By Gery Armsby, Tuscon, AZ, in Workers World
30 October 1997

On Oct. 12, about 150 people met in the Mission Library Park in Tucson, Ariz. They sang songs of protest in Spanish and English as they painted signs declaring the "war on drugs" a phony and demanded justice for immigrants, Native peoples and all oppressed communities in the United States-Mexico border region.

One sign read "¡Ningun Humano Es Illegal!"--no human is illegal. Another read "No Justice? No Peace!"

This was not just an ordinary Sunday picnic in the park.

The protesters marched to U.S. Border Patrol Headquarters. There they held a speak-out and erected a symbolic cemetery to commemorate the lives of victims of the Border Patrol's brutality and racist, anti-immigrant, anti-Native policies.

Speakers were local activists and community members, many of whom have experienced the brutality first-hand. Many passersby honked and cheered in support of the demonstration, and hoisted angry fists at the Border Patrol office.

Since 1993, more than 1,200 deaths have been linked to border crossings, making the United States-Mexico border the most dangerous terrain on the North American continent. Why so many deaths?

Because the area has been militarized by the heavily armed wing of the U.S. Immigration f Naturalization Services. The government has declared a phony "war on drugs" that grants the use of deadly force against anyone the racist Border Patrol deems suspect.

On paper, many Native nations have migratory border rights and are free to cross the border wherever and whenever they chose. But in reality the Border Patrol denies these rights to Native people on both sides.

The patrols are vicious throughout the 2,000-mile stretch of border territory, from Brownsville, Texas, to San Diego, Calif. They do not target cunning and dangerous "drug smugglers." They target the unarmed poor, the desperate, and the workers who are driven toward the United States by oppressive social and economic conditions created in large part by the U.S. ruling class and by NAFTA.

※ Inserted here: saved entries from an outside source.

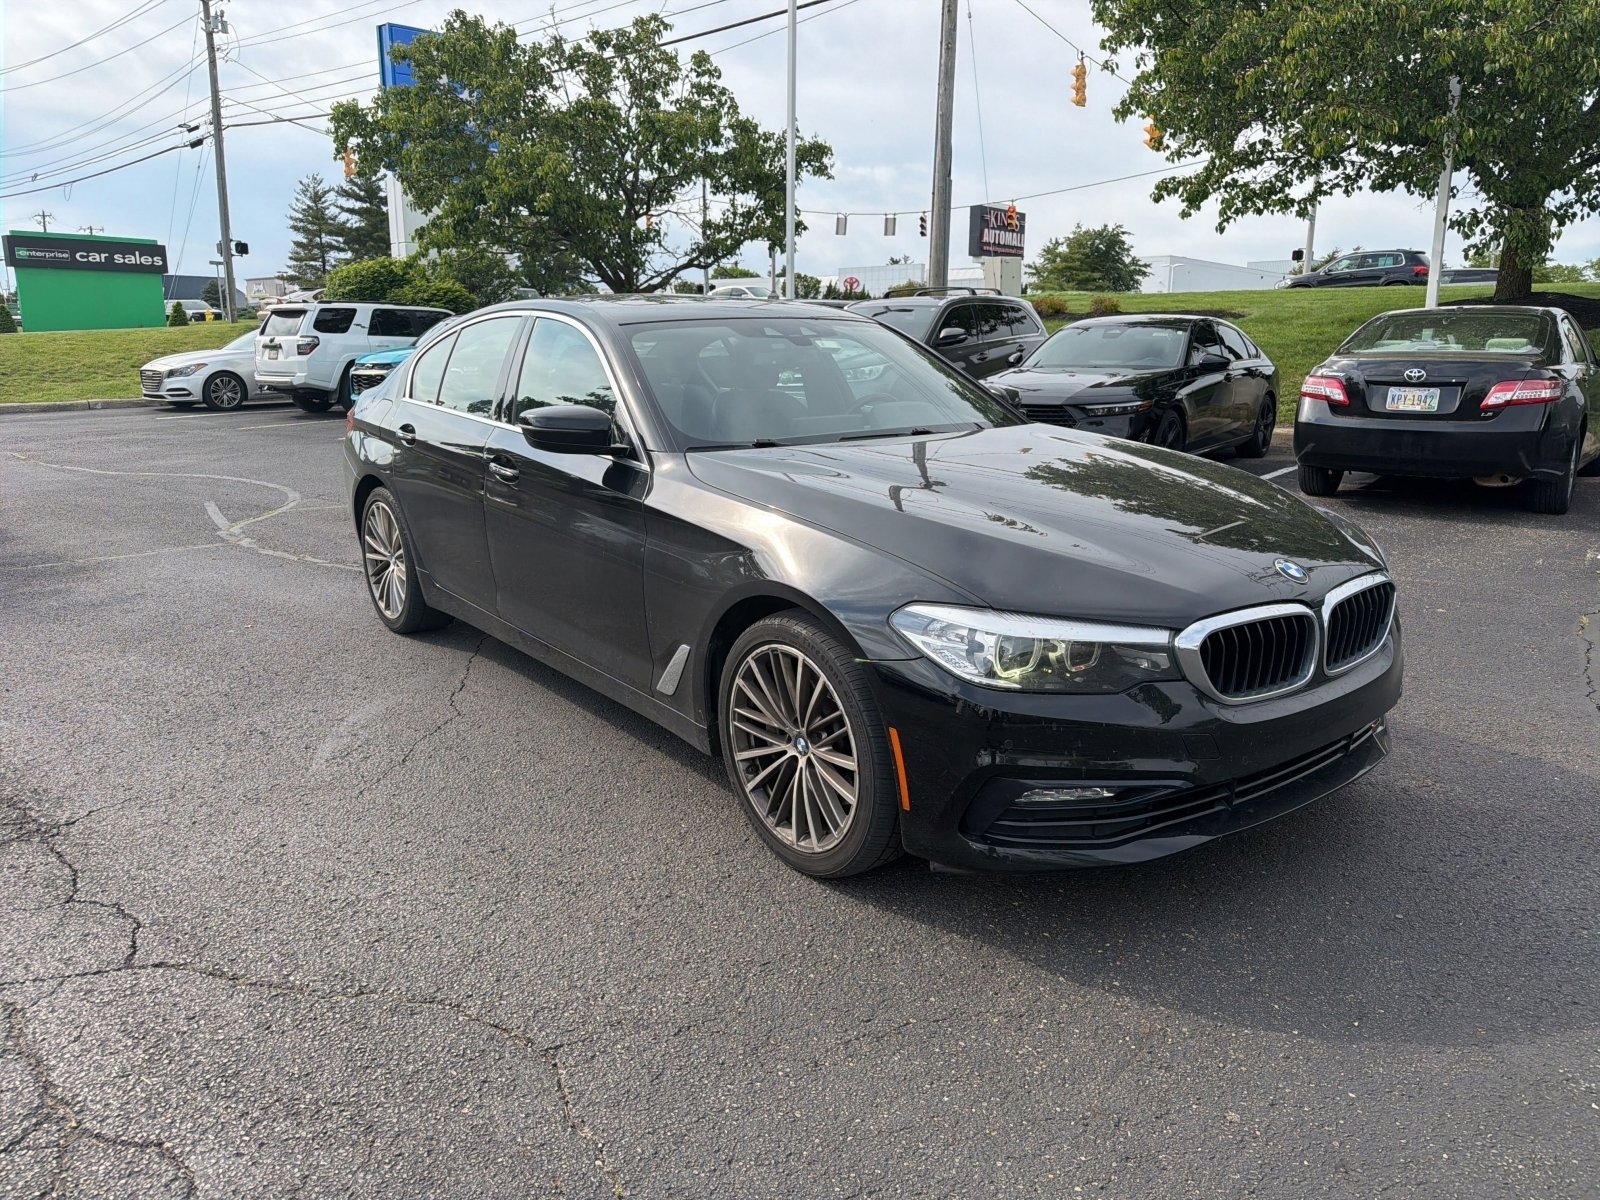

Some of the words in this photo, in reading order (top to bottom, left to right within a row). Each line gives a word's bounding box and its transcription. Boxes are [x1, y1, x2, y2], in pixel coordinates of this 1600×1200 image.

[990, 210, 1020, 232] KINS
[16, 250, 69, 259] enterprise
[75, 251, 109, 263] car
[114, 251, 163, 266] sales
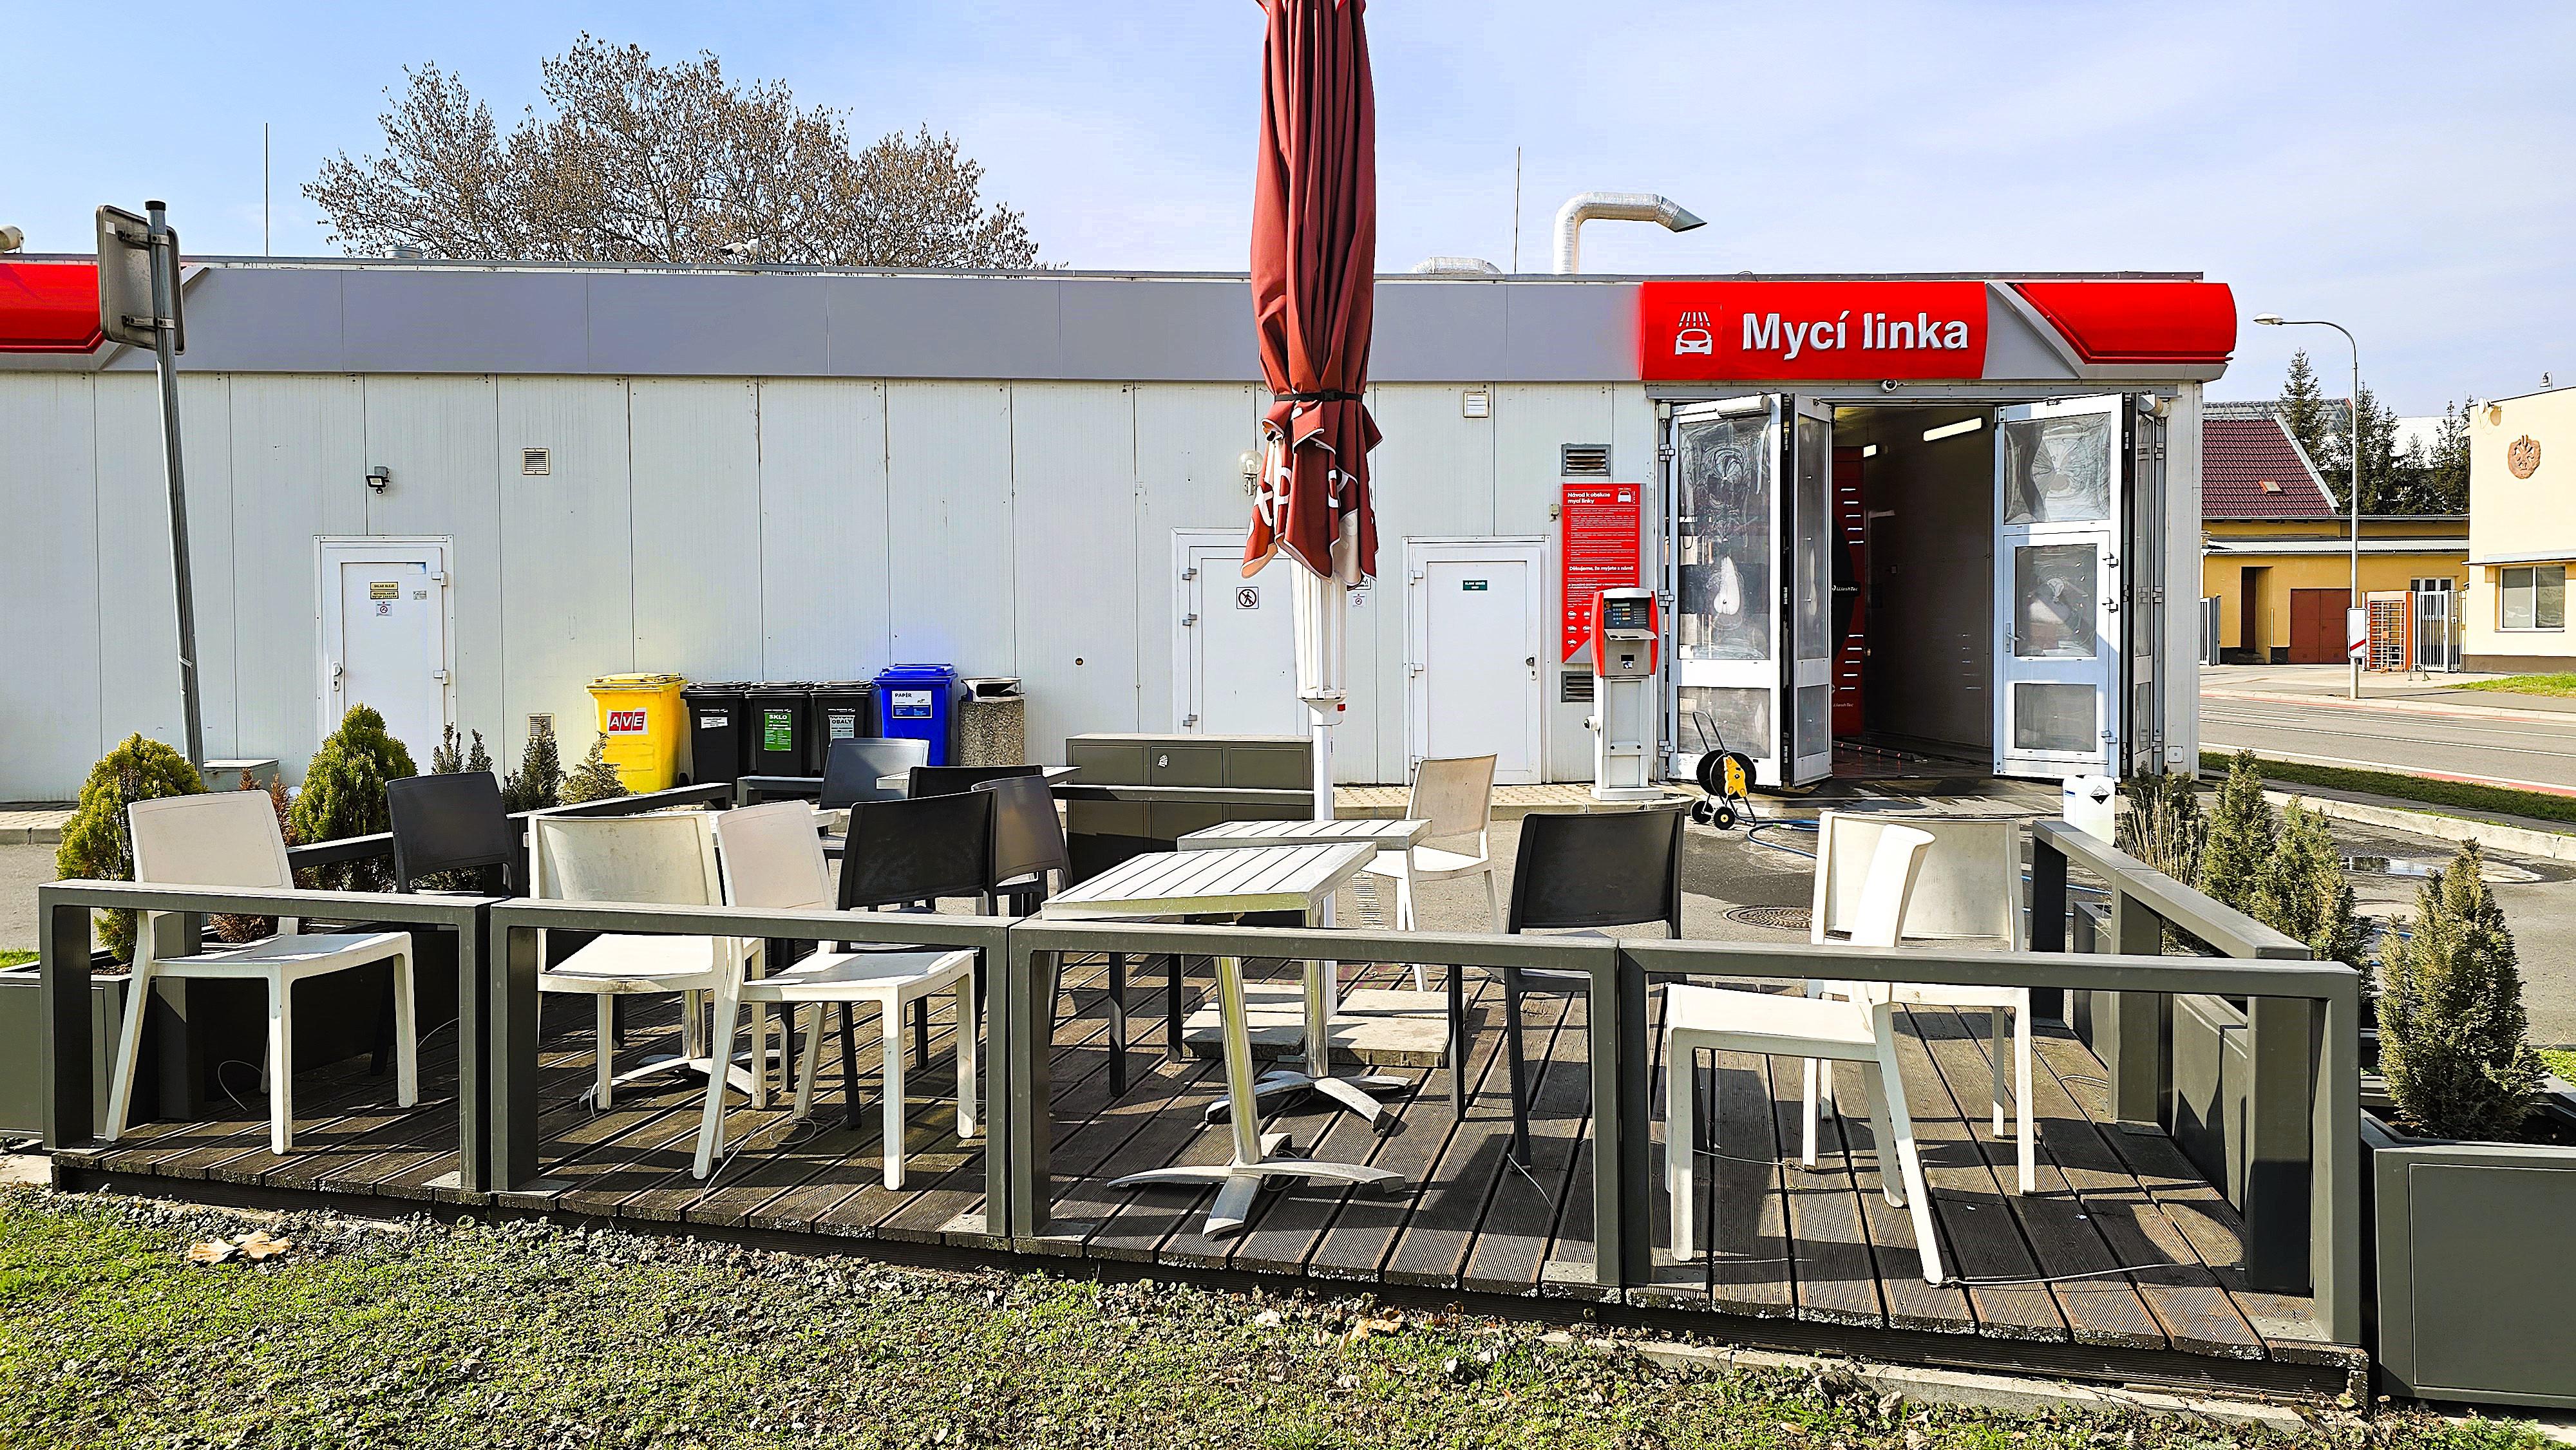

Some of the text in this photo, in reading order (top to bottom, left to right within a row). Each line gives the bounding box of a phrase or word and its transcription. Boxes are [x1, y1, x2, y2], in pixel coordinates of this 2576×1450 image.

[1743, 310, 1969, 360] Mycí linka
[609, 716, 643, 727] AVE
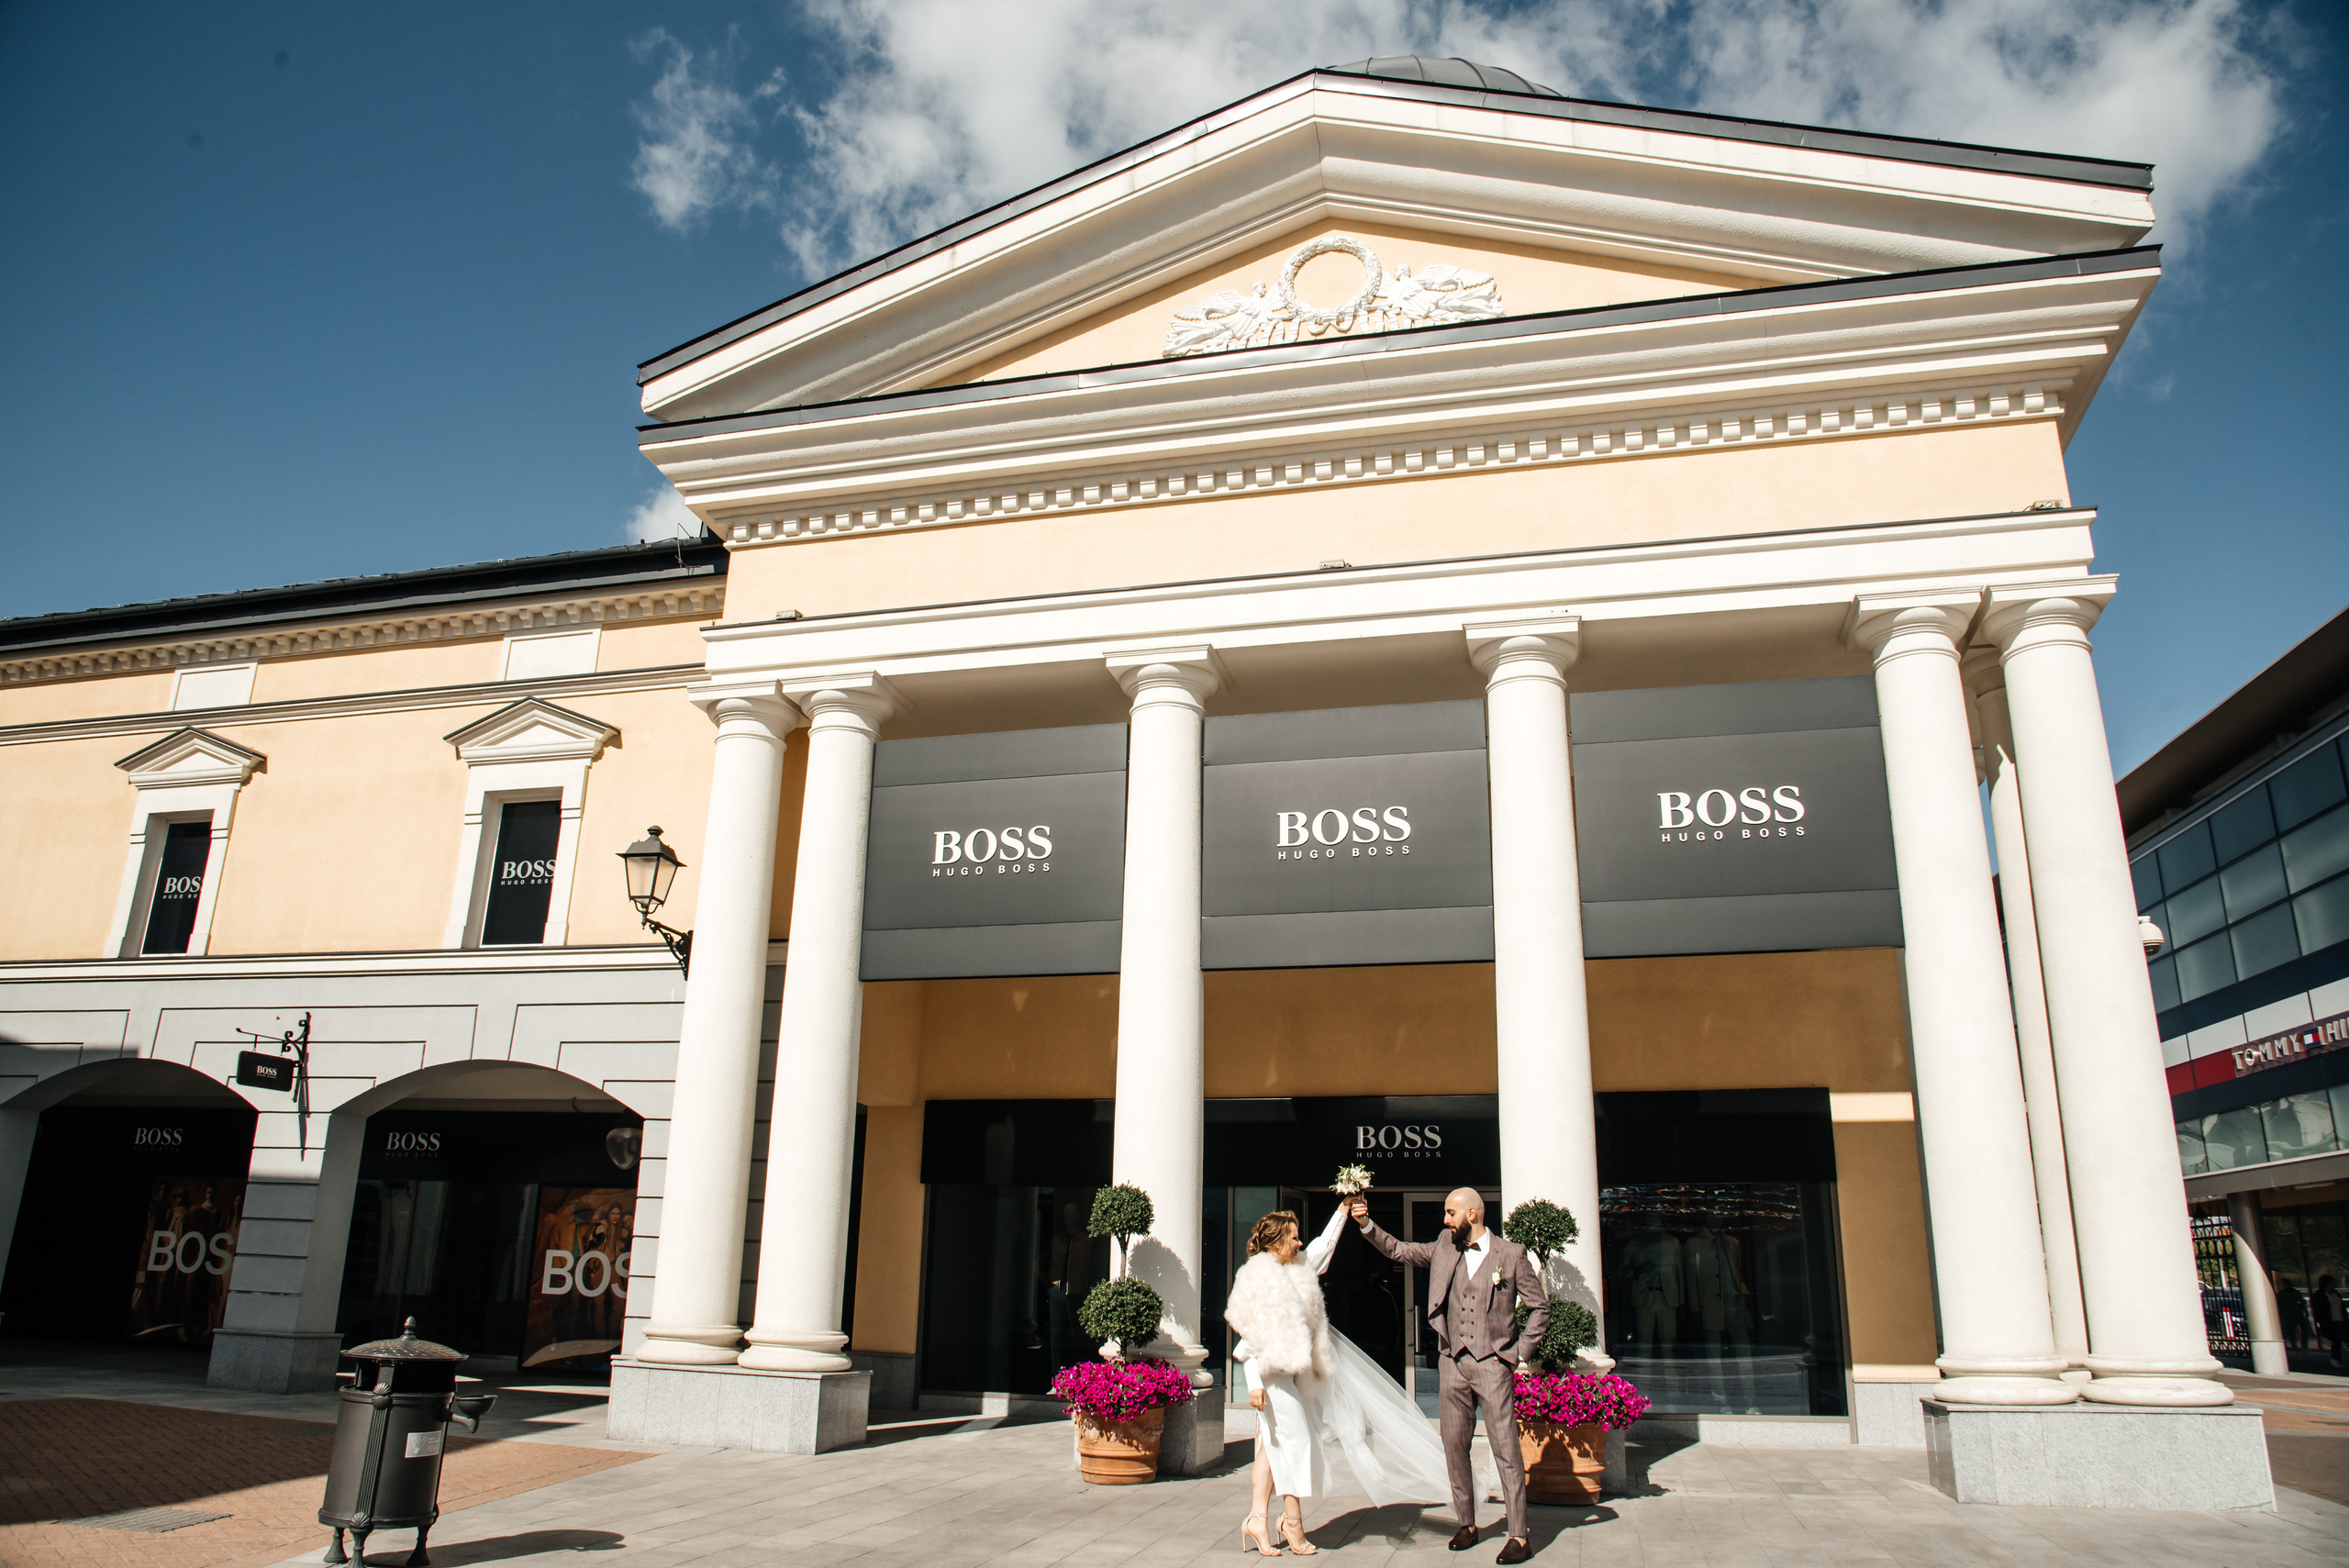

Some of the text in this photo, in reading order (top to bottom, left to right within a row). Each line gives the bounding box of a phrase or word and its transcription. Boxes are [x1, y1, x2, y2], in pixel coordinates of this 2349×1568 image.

[1656, 785, 1805, 829] BOSS
[1276, 806, 1411, 847] BOSS
[1662, 827, 1805, 843] HUGO BOSS
[931, 825, 1053, 865] BOSS
[1278, 845, 1410, 861] HUGO BOSS
[501, 859, 556, 879] BOSS
[932, 862, 1051, 877] HUGO BOSS
[164, 876, 203, 893] BOS
[2232, 1016, 2349, 1070] TOMMY HI
[257, 1065, 278, 1076] BOSS
[134, 1128, 183, 1145] BOSS
[386, 1132, 440, 1151] BOSS
[1355, 1125, 1442, 1150] BOSS

In the more than 1,200 deaths in recent years, not one Border Patrol agent has been charged with any wrong-doing.

The Oct. 12 protest was organized by Isabel Garcia and Derechos Humanos, the Arizona Border Rights Project. The demonstration was representative of a broad coalition of community residents and activists, members of unions including the Farm Workers, Food and Commercial Workers and AFSCME, student and youth groups, lesbian/gay/ bi/transgender groups and others.


(Copyright Workers World Service: Permission to reprint granted if source is cited. For more information contact Workers World, 55 W. 17 St., NY, NY 10011; via e-mail: ww@workers.org. For subscription info send message to: info@workers.org. Web: http://workers.org)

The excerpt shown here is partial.